▶ **Records for the exercise**

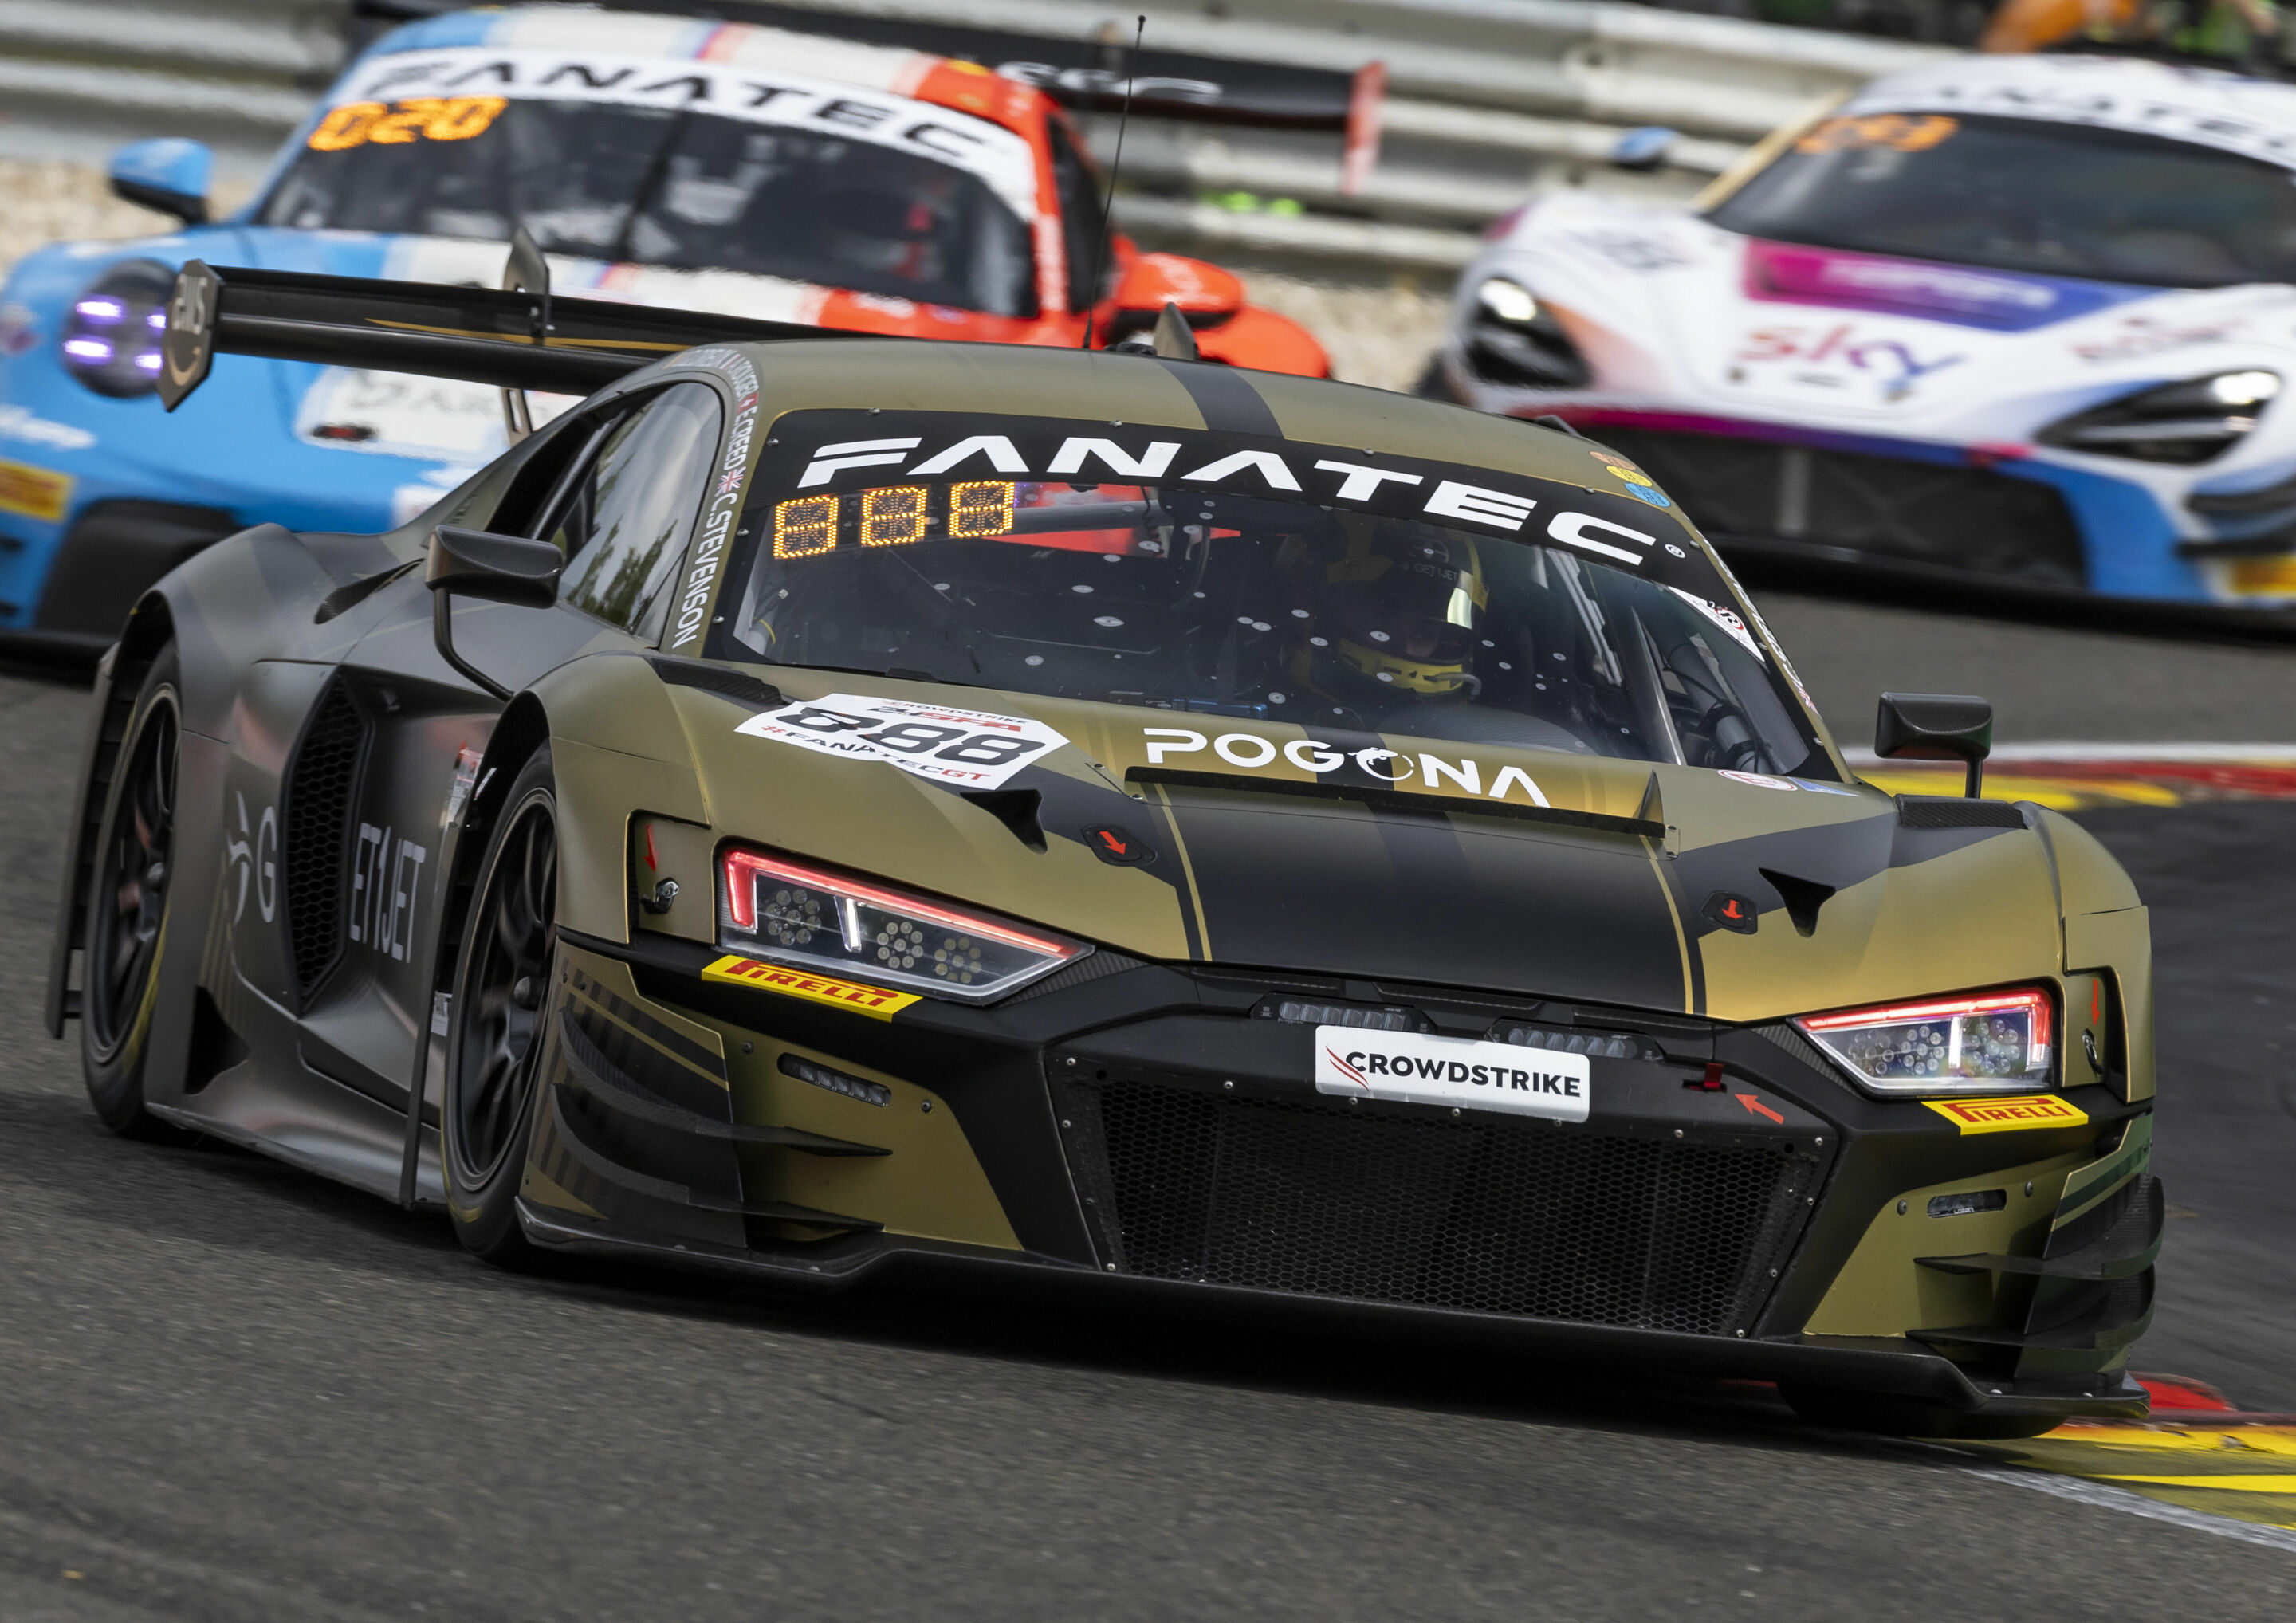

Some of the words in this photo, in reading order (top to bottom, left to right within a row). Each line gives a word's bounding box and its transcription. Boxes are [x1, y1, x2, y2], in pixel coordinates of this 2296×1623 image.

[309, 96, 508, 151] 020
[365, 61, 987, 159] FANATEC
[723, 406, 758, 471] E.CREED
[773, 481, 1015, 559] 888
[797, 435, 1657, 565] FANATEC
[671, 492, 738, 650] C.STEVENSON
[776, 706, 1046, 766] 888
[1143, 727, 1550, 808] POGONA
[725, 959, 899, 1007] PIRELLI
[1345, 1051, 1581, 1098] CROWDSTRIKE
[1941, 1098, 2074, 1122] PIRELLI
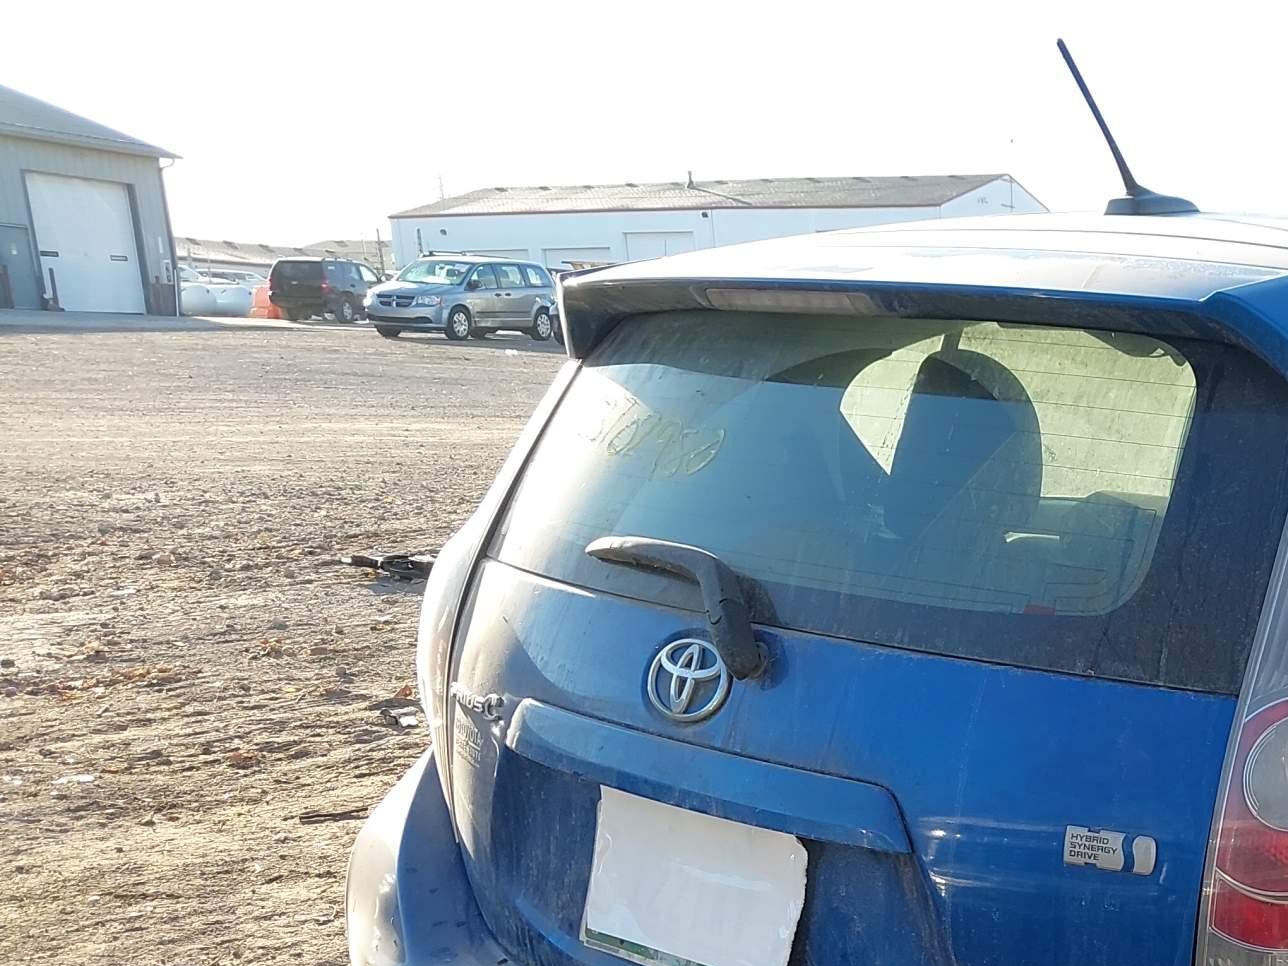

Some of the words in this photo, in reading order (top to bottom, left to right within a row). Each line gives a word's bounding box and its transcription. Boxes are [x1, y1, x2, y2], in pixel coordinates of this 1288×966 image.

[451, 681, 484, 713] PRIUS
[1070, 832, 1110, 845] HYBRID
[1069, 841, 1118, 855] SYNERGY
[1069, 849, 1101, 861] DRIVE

▶ **Directions**
Write the data above out exactly. Leave out any pictures.

▶ **Result of the task**
Some of the words in this photo, in reading order (top to bottom, left to right within a row). Each line gives a word's bounding box and its transcription. Boxes are [x1, y1, x2, y2], in pixel coordinates of this 2296×1623 image.

[309, 96, 508, 151] 020
[365, 61, 987, 159] FANATEC
[723, 406, 758, 471] E.CREED
[773, 481, 1015, 559] 888
[797, 435, 1657, 565] FANATEC
[671, 492, 738, 650] C.STEVENSON
[776, 706, 1046, 766] 888
[1143, 727, 1550, 808] POGONA
[725, 959, 899, 1007] PIRELLI
[1345, 1051, 1581, 1098] CROWDSTRIKE
[1941, 1098, 2074, 1122] PIRELLI

Some of the words in this photo, in reading order (top to bottom, left to right within a row). Each line gives a word's bounding box and its transcription. Boxes are [x1, y1, x2, y2], in pixel coordinates of this 1288×966 image.

[451, 681, 484, 713] PRIUS
[1070, 832, 1110, 845] HYBRID
[1069, 841, 1118, 855] SYNERGY
[1069, 849, 1101, 861] DRIVE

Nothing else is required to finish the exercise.